---------- Data for this exercise
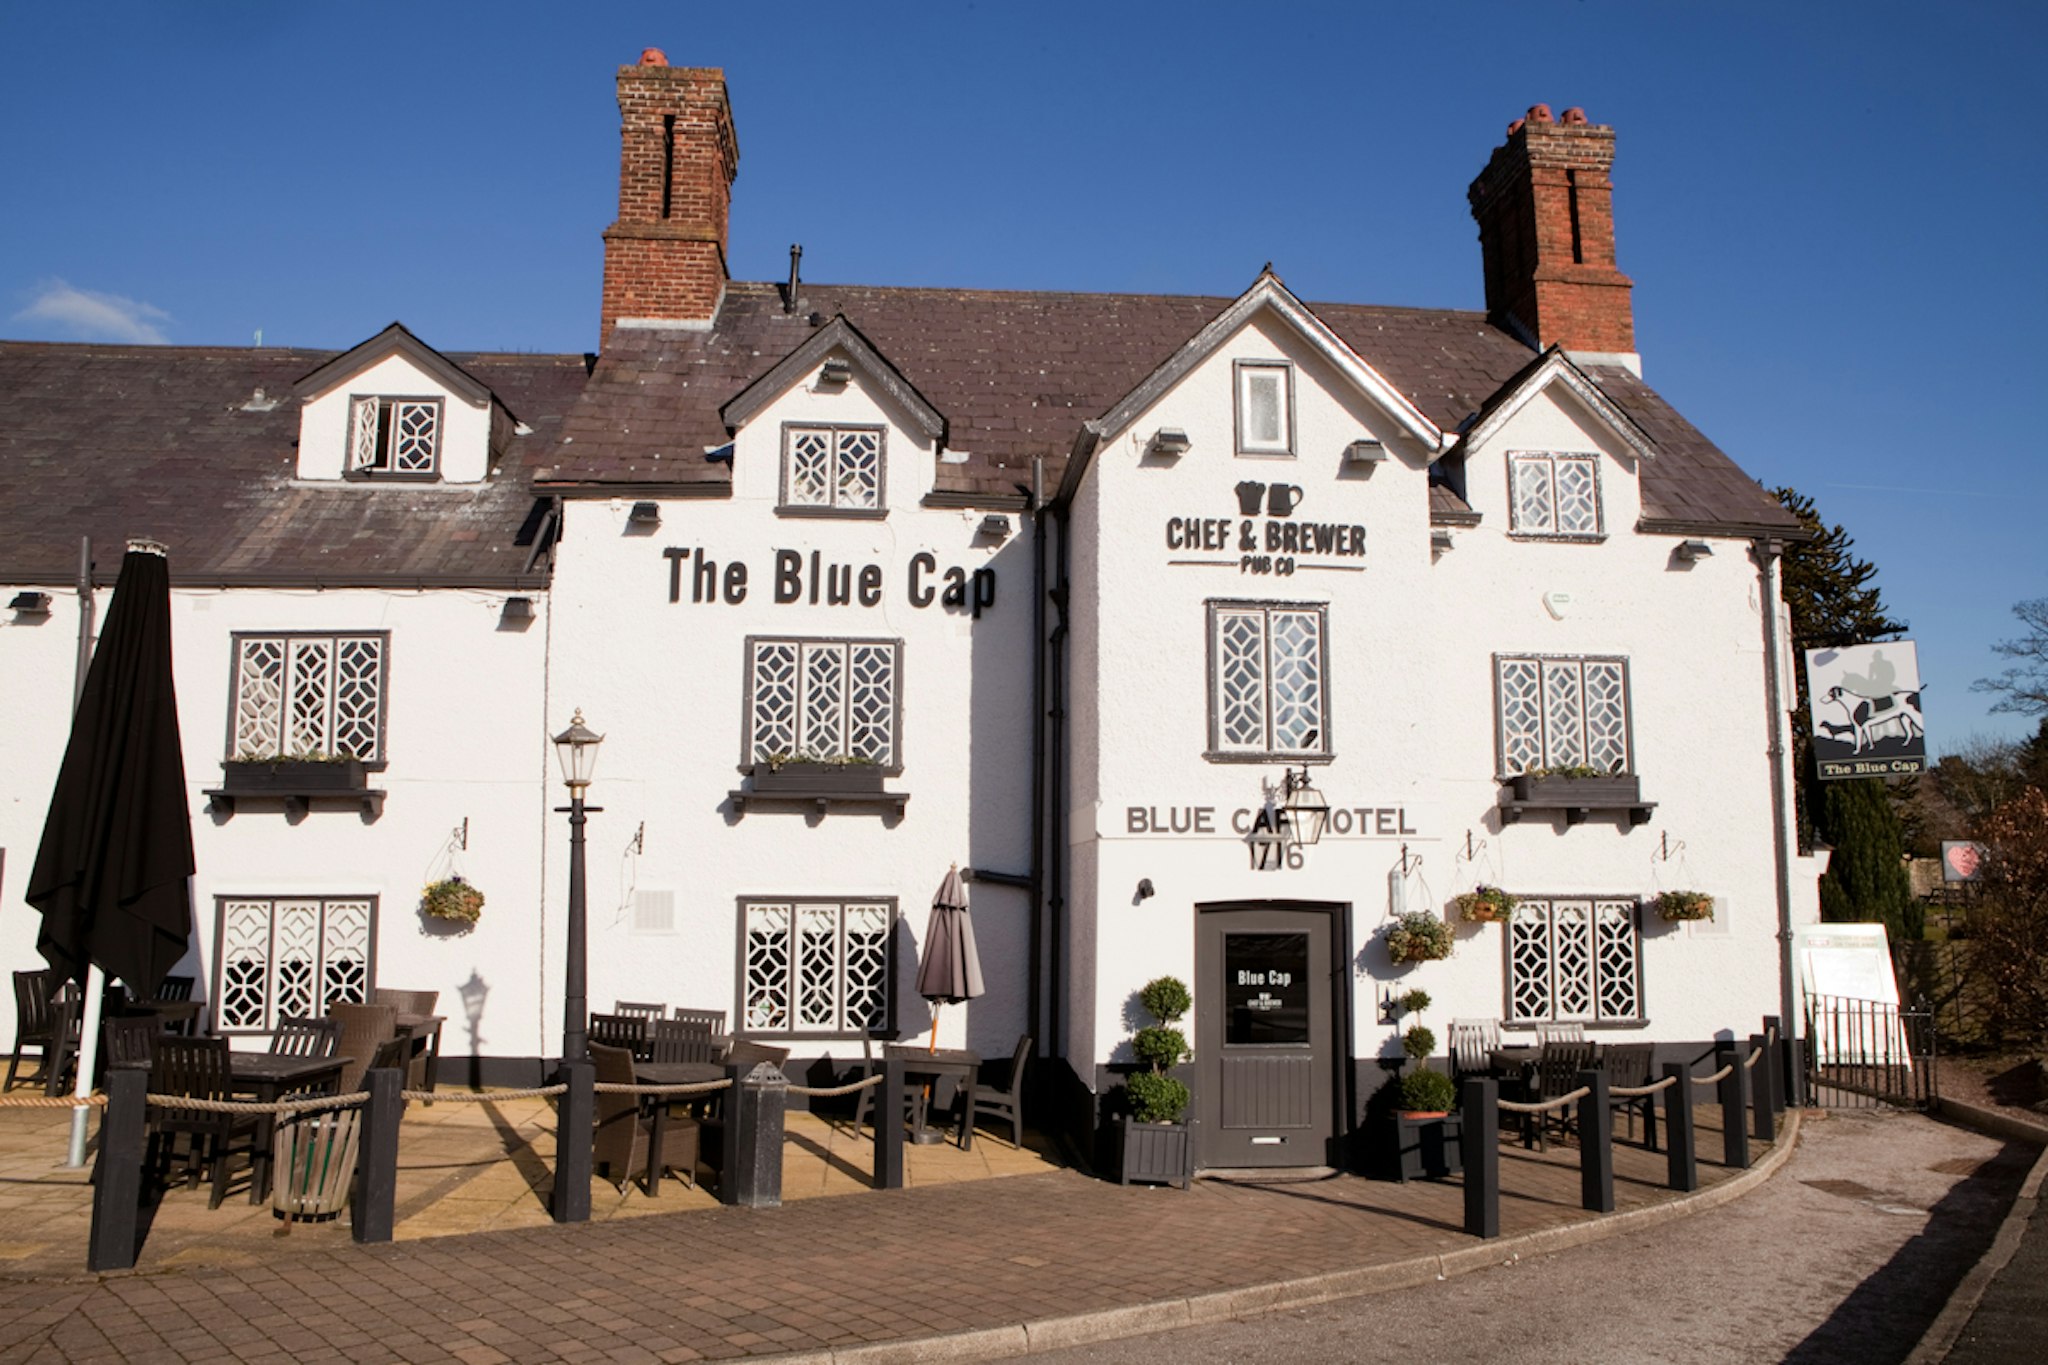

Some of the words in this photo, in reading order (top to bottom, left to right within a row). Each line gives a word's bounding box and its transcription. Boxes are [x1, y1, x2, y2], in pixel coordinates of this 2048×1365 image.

[1166, 517, 1232, 550] CHEF
[1238, 519, 1257, 551] &
[1265, 520, 1366, 556] BREWER
[1241, 555, 1272, 575] PUB
[1275, 557, 1295, 577] CO
[662, 547, 748, 606] The
[773, 548, 883, 608] Blue
[907, 551, 996, 619] Cap
[1824, 763, 1851, 775] The
[1855, 761, 1888, 774] Blue
[1891, 760, 1919, 774] Cap
[1126, 806, 1216, 834] BLUE
[1324, 807, 1418, 835] OTEL
[1249, 841, 1304, 871] 1716
[1238, 970, 1265, 985] Blue
[1269, 970, 1291, 987] Cap
--------------------
> _What needs to be done_
Quote each line of the listing exactly, but leave the pictures out.

> _Output for this exercise_
Some of the words in this photo, in reading order (top to bottom, left to right within a row). Each line gives a word's bounding box and its transcription. Boxes are [x1, y1, x2, y2], in pixel coordinates of this 2048×1365 image.

[1166, 517, 1232, 550] CHEF
[1238, 519, 1257, 551] &
[1265, 520, 1366, 556] BREWER
[1241, 555, 1272, 575] PUB
[1275, 557, 1295, 577] CO
[662, 547, 748, 606] The
[773, 548, 883, 608] Blue
[907, 551, 996, 619] Cap
[1824, 763, 1851, 775] The
[1855, 761, 1888, 774] Blue
[1891, 760, 1919, 774] Cap
[1126, 806, 1216, 834] BLUE
[1324, 807, 1418, 835] OTEL
[1249, 841, 1304, 871] 1716
[1238, 970, 1265, 985] Blue
[1269, 970, 1291, 987] Cap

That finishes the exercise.